The deep well issues are also moving forward.

Garrett said, “The bottom line is we’re moving forward with all that. The design work is happening. The aqueduct has been talking to us, we’ve been talking to their engineers. We’re working out details right now. We’ll see how that goes. But we are moving full speed ahead on it.”

Is there a time constraint?

Garrett said, “There is, I mean, we have a five year time period, which is why we can’t afford six months to a year waiting for a permit to happen if we have to get through the Water Management District and the corps. So that’s really becomes the issue. There’s some bigger things out there beyond this, which has nothing to do with whether we’re going to put in a deep well or not. But there’s some interim things that are becoming very interesting. It’s worth having this conversation, like as part of our entire discussion for a morning, because there’s some really interesting legal issues now, about the shallow well, issue. It comes down to a test that was made in a Maui, Hawaii federal lawsuit that made it to the Supreme Court, and the test ends up being one of where is putting our effluent or their effluent the case in Maui down a shallow well, the functional equivalent, and that’s put that in quotes, a direct discharge to open water. In the Maui case, they determined that it was potentially and they were forced to go back through, but that lawsuit settled, and it’s become the law, effectively, and that impacted us when FOLKS sued us. We were meeting the law as far as everybody was concerned, up until the point that that Maui case was resolved. Then, of course, we were sued under the terms of the Maui case and we agreed to settle. We also agreed mutually that we hadn’t just admitted to anything, because frankly, we still believe and continue to believe and are proving it further, in some respects, that we are not the functional equivalent. But we had a substantial risk of losing a federal case in court and then having to do it anyway. So the city council made a decision, which was a decision simply to move on and in the long run a deep well is arguably a better solution, simply because it really does put effluent out of sight and out of mind. Whereas the shallow does potentially have some impact, although not the functional equivalent of a direct discharge. So the issues are going to be interesting, though, in terms of how the DEP, which is state agency that deals with wells and wastewater, how they deal with the issue with many of the other shallow wells that are in the Keys, and there’s another eight to 10, shallow wells in the Keys and actually probably more than that, but eight to 10 big users. Then even more interesting, is there are about 500 shallow wells in the state of Florida, all of which would be potentially impacted by this Maui decision.”

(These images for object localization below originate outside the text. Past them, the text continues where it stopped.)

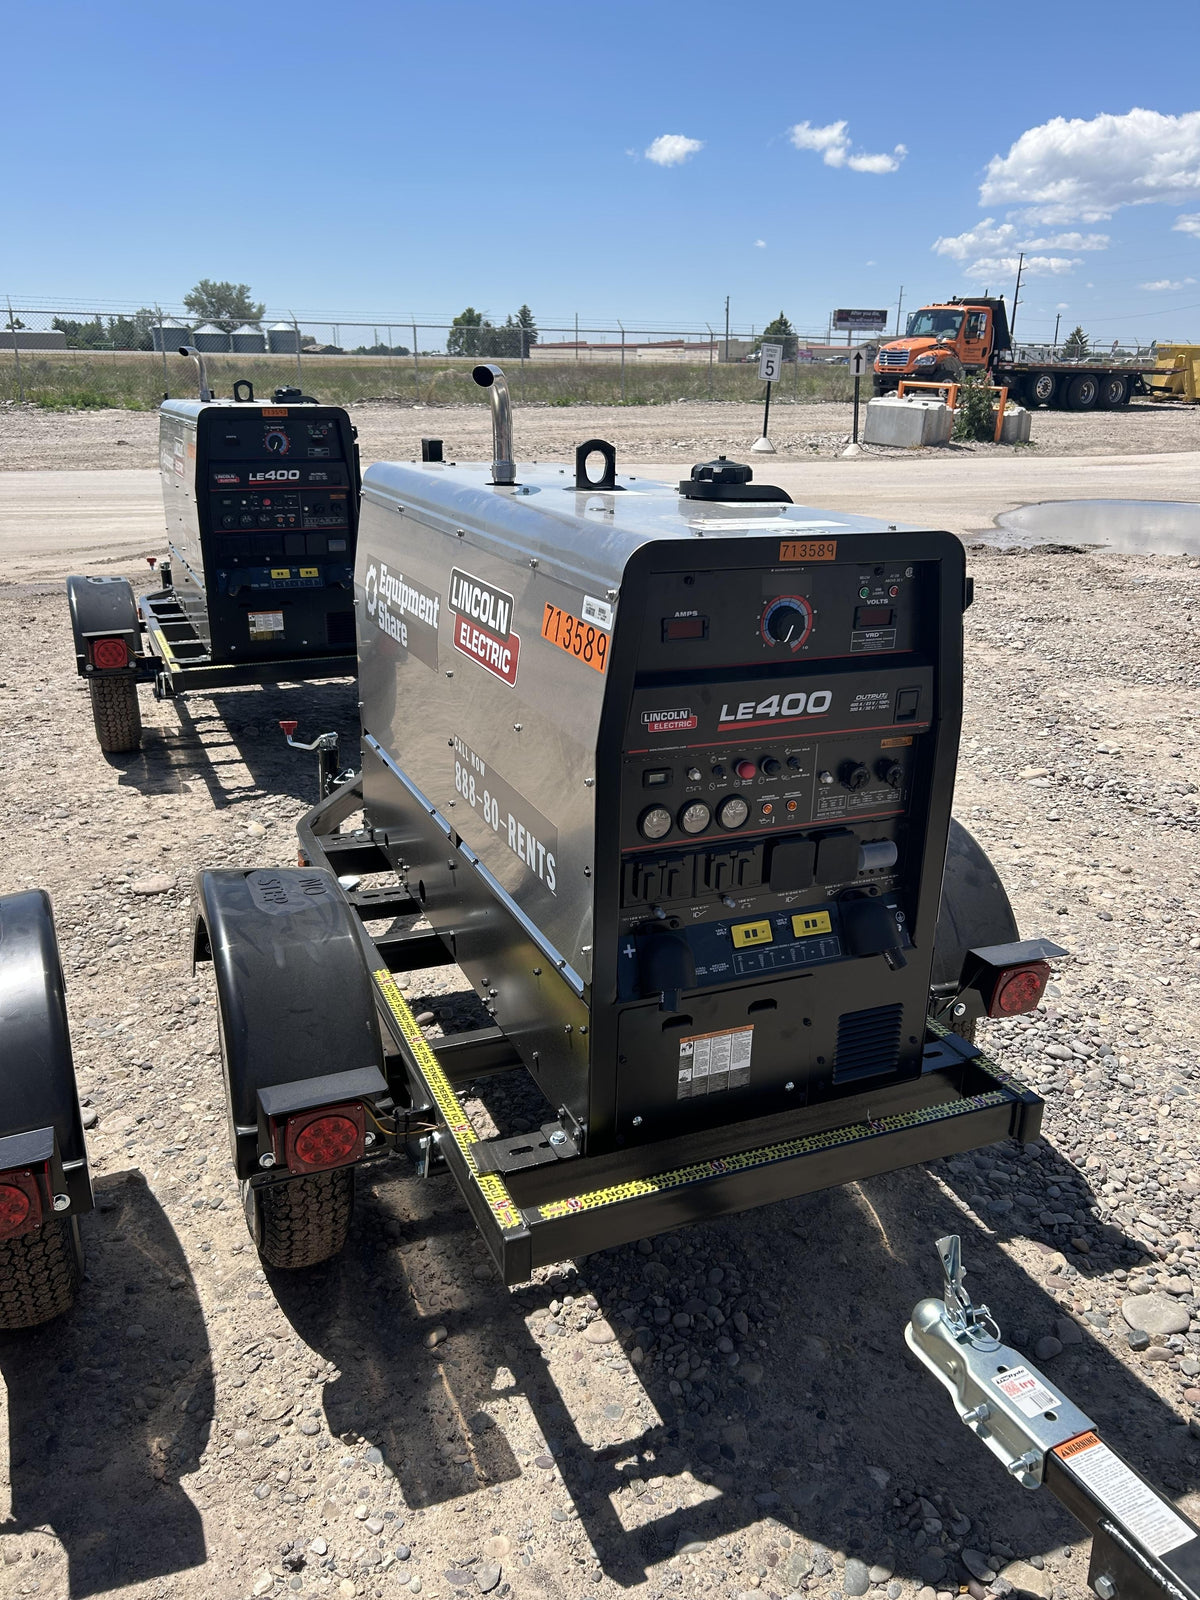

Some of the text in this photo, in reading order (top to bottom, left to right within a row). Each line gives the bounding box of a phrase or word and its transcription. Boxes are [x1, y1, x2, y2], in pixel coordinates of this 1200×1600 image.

[765, 360, 775, 377] 5
[248, 469, 300, 481] LE400
[782, 543, 834, 558] 713589
[378, 563, 440, 629] Equipment
[451, 575, 510, 635] LINCOLN
[674, 610, 698, 618] AMPS
[377, 602, 408, 648] Share
[543, 604, 608, 670] 713589
[459, 621, 511, 674] ELECTRIC
[719, 690, 833, 722] LE400
[644, 710, 688, 722] LINCOLN
[654, 720, 692, 730] ELECTRIC
[454, 736, 486, 777] CALL NOW
[454, 760, 556, 891] 888-80-RENTS
[298, 878, 327, 896] NO
[385, 984, 394, 993] DO
[390, 993, 400, 1003] NOT
[395, 1003, 409, 1022] STAND
[405, 1021, 417, 1037] HERE
[416, 1043, 425, 1052] NE
[420, 1052, 432, 1064] PAS
[428, 1064, 443, 1086] TENEZ
[437, 1085, 457, 1115] DEBOUT
[451, 1111, 462, 1123] ICI
[583, 1194, 603, 1204] DO
[605, 1187, 632, 1198] NOT
[633, 1175, 677, 1190] STAND
[678, 1166, 712, 1179] HERE
[727, 1158, 744, 1167] NE
[744, 1152, 768, 1162] PAS
[770, 1142, 807, 1155] TENEZ
[807, 1129, 856, 1146] DEBOUT
[885, 1118, 902, 1127] NO
[919, 1107, 946, 1118] PARE
[1066, 1435, 1098, 1454] WARNING

The 4th of July was tons of fun.

Garrett said, “The event itself was fantastic. We had a great parade in the morning. We had great fireworks and of course, we’re benefited by the fact that we have a bunch of experts – and they are – that don’t cost us anything to put on the display. They’re local folks, which gets us probably a double or triple the value for what we pay for the fireworks. Then the other thing is we’re coming up on this weekend being the single day of the mini season. Of course, we’re gearing up to discuss how we’re going to manage it like we do every year. We’re just gearing up for that and asking everybody to be prepared for it. Frankly, concerning some of the accidents that happened over the last weekend, just asking people to be very cautious when they’re out on the water, have their flags up, their dive flags available and visible. Just be careful out there. I mean, there’s a lot of people in the water. Everybody’s hungry to go get lobster and not necessarily always paying attention and not everybody’s familiar with the waters. So just be very cautious. Please be very cautious and courteous about what it is you’re doing when you’re having fun getting lobster.”